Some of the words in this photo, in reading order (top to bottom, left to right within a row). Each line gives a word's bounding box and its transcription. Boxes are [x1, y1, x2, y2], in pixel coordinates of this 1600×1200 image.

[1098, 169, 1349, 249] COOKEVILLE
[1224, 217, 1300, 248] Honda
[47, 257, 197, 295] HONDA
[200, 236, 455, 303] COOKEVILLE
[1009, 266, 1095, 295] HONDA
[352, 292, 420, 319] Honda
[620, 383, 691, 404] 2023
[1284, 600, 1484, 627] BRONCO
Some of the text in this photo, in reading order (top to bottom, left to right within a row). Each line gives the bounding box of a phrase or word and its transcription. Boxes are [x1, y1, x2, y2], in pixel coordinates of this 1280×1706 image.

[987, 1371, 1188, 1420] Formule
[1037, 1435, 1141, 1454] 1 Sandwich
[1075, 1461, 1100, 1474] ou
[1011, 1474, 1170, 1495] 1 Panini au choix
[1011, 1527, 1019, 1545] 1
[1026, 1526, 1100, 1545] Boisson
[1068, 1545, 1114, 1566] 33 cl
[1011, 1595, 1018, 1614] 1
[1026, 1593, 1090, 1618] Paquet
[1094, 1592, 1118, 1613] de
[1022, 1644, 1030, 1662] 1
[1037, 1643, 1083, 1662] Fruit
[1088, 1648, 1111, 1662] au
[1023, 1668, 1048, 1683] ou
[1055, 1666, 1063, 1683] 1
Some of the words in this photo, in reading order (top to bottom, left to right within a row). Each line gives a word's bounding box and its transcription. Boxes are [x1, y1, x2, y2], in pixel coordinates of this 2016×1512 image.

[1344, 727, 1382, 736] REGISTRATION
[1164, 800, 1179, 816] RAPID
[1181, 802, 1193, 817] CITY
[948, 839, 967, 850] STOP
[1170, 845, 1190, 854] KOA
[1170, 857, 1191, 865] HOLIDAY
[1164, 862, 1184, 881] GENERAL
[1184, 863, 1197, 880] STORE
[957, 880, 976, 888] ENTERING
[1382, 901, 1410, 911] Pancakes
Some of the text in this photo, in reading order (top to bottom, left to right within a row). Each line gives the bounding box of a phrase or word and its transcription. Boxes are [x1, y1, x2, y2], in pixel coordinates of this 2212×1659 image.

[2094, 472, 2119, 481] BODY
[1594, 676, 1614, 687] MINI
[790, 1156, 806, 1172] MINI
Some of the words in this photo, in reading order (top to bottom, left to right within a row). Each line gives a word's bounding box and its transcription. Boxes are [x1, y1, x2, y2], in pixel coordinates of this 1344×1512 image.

-- -- --

Description of the task: The records above should be repeated word for word.

Exercise answer:
Some of the words in this photo, in reading order (top to bottom, left to right within a row). Each line gives a word's bounding box and its transcription. Boxes are [x1, y1, x2, y2], in pixel coordinates of this 1600×1200 image.

[1098, 169, 1349, 249] COOKEVILLE
[1224, 217, 1300, 248] Honda
[47, 257, 197, 295] HONDA
[200, 236, 455, 303] COOKEVILLE
[1009, 266, 1095, 295] HONDA
[352, 292, 420, 319] Honda
[620, 383, 691, 404] 2023
[1284, 600, 1484, 627] BRONCO
Some of the text in this photo, in reading order (top to bottom, left to right within a row). Each line gives the bounding box of a phrase or word and its transcription. Boxes are [x1, y1, x2, y2], in pixel coordinates of this 1280×1706 image.

[987, 1371, 1188, 1420] Formule
[1037, 1435, 1141, 1454] 1 Sandwich
[1075, 1461, 1100, 1474] ou
[1011, 1474, 1170, 1495] 1 Panini au choix
[1011, 1527, 1019, 1545] 1
[1026, 1526, 1100, 1545] Boisson
[1068, 1545, 1114, 1566] 33 cl
[1011, 1595, 1018, 1614] 1
[1026, 1593, 1090, 1618] Paquet
[1094, 1592, 1118, 1613] de
[1022, 1644, 1030, 1662] 1
[1037, 1643, 1083, 1662] Fruit
[1088, 1648, 1111, 1662] au
[1023, 1668, 1048, 1683] ou
[1055, 1666, 1063, 1683] 1
Some of the words in this photo, in reading order (top to bottom, left to right within a row). Each line gives a word's bounding box and its transcription. Boxes are [x1, y1, x2, y2], in pixel coordinates of this 2016×1512 image.

[1344, 727, 1382, 736] REGISTRATION
[1164, 800, 1179, 816] RAPID
[1181, 802, 1193, 817] CITY
[948, 839, 967, 850] STOP
[1170, 845, 1190, 854] KOA
[1170, 857, 1191, 865] HOLIDAY
[1164, 862, 1184, 881] GENERAL
[1184, 863, 1197, 880] STORE
[957, 880, 976, 888] ENTERING
[1382, 901, 1410, 911] Pancakes
Some of the text in this photo, in reading order (top to bottom, left to right within a row). Each line gives the bounding box of a phrase or word and its transcription. Boxes are [x1, y1, x2, y2], in pixel coordinates of this 2212×1659 image.

[2094, 472, 2119, 481] BODY
[1594, 676, 1614, 687] MINI
[790, 1156, 806, 1172] MINI
Some of the words in this photo, in reading order (top to bottom, left to right within a row). Each line gives a word's bounding box and its transcription. Boxes are [x1, y1, x2, y2], in pixel coordinates of this 1344×1512 image.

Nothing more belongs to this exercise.